_TASK DETAILS_
Transcribe each record word for word. Skip the images.

Collected data
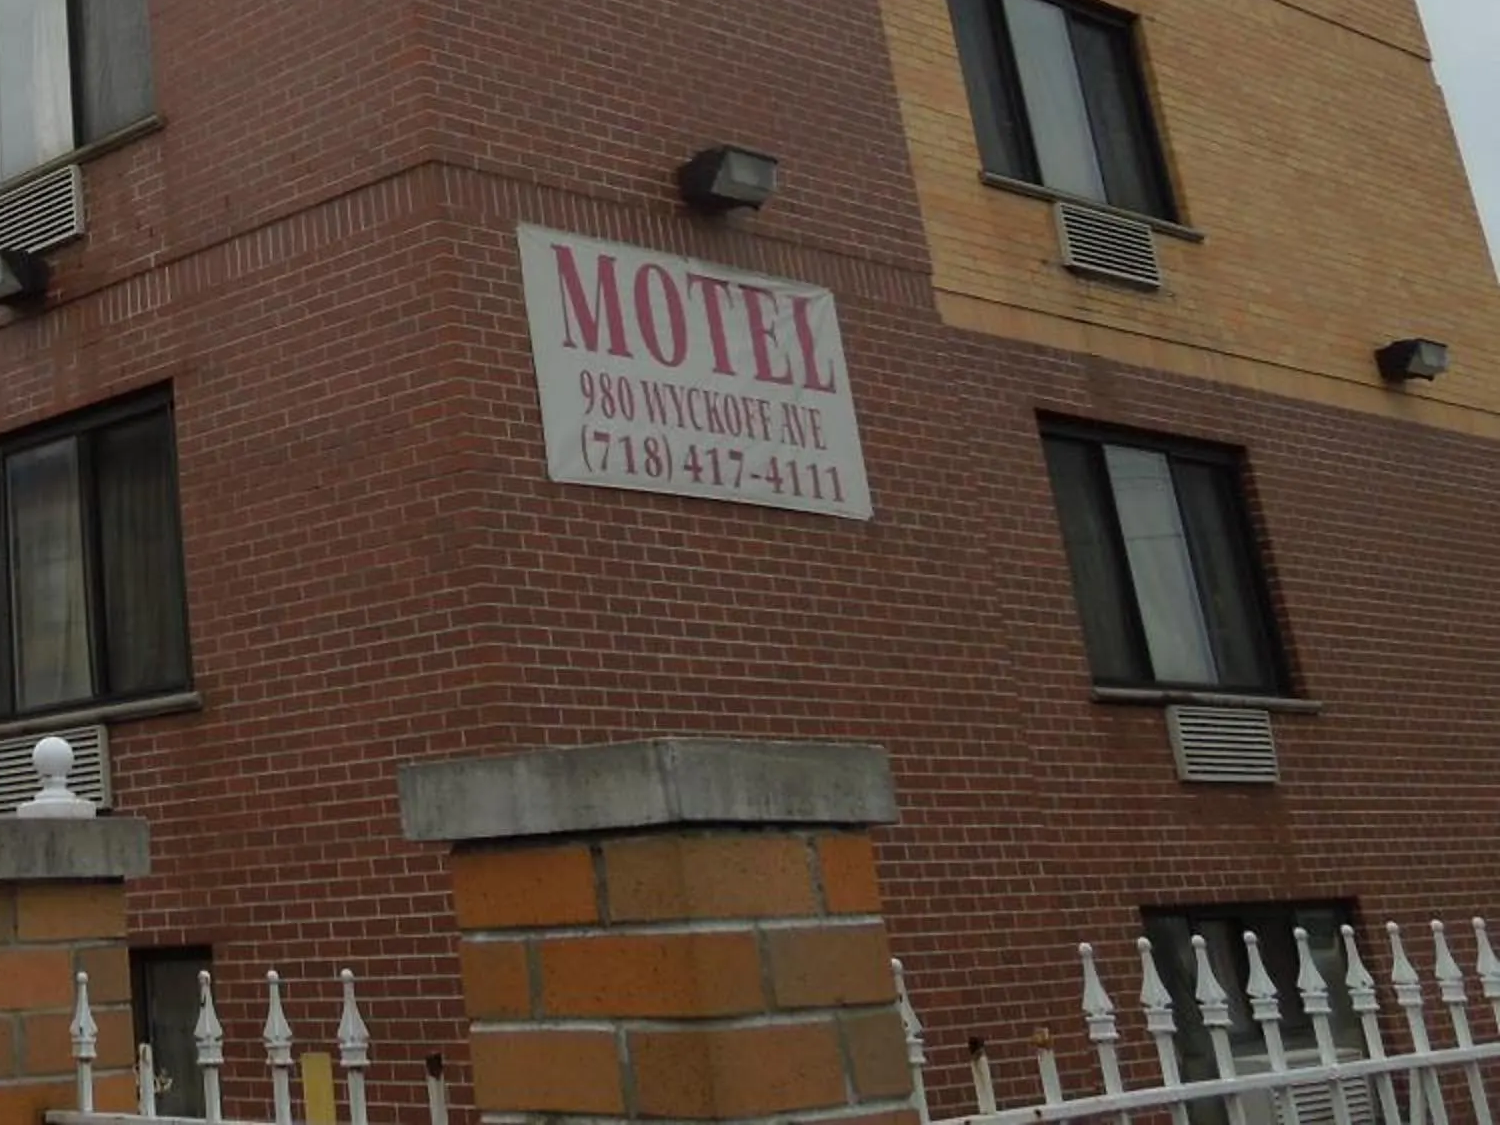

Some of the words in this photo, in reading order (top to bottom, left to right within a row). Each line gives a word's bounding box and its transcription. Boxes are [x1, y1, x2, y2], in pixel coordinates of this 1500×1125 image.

[550, 243, 838, 394] MOTEL
[579, 369, 636, 421] 980
[640, 379, 772, 442] WYCKOFF
[780, 402, 828, 451] AVE
[581, 424, 673, 482] (718)
[683, 444, 846, 503] 417-4111

_ANSWER BELOW_
Some of the words in this photo, in reading order (top to bottom, left to right within a row). Each line gives a word's bounding box and its transcription. Boxes are [x1, y1, x2, y2], in pixel coordinates of this 1500×1125 image.

[550, 243, 838, 394] MOTEL
[579, 369, 636, 421] 980
[640, 379, 772, 442] WYCKOFF
[780, 402, 828, 451] AVE
[581, 424, 673, 482] (718)
[683, 444, 846, 503] 417-4111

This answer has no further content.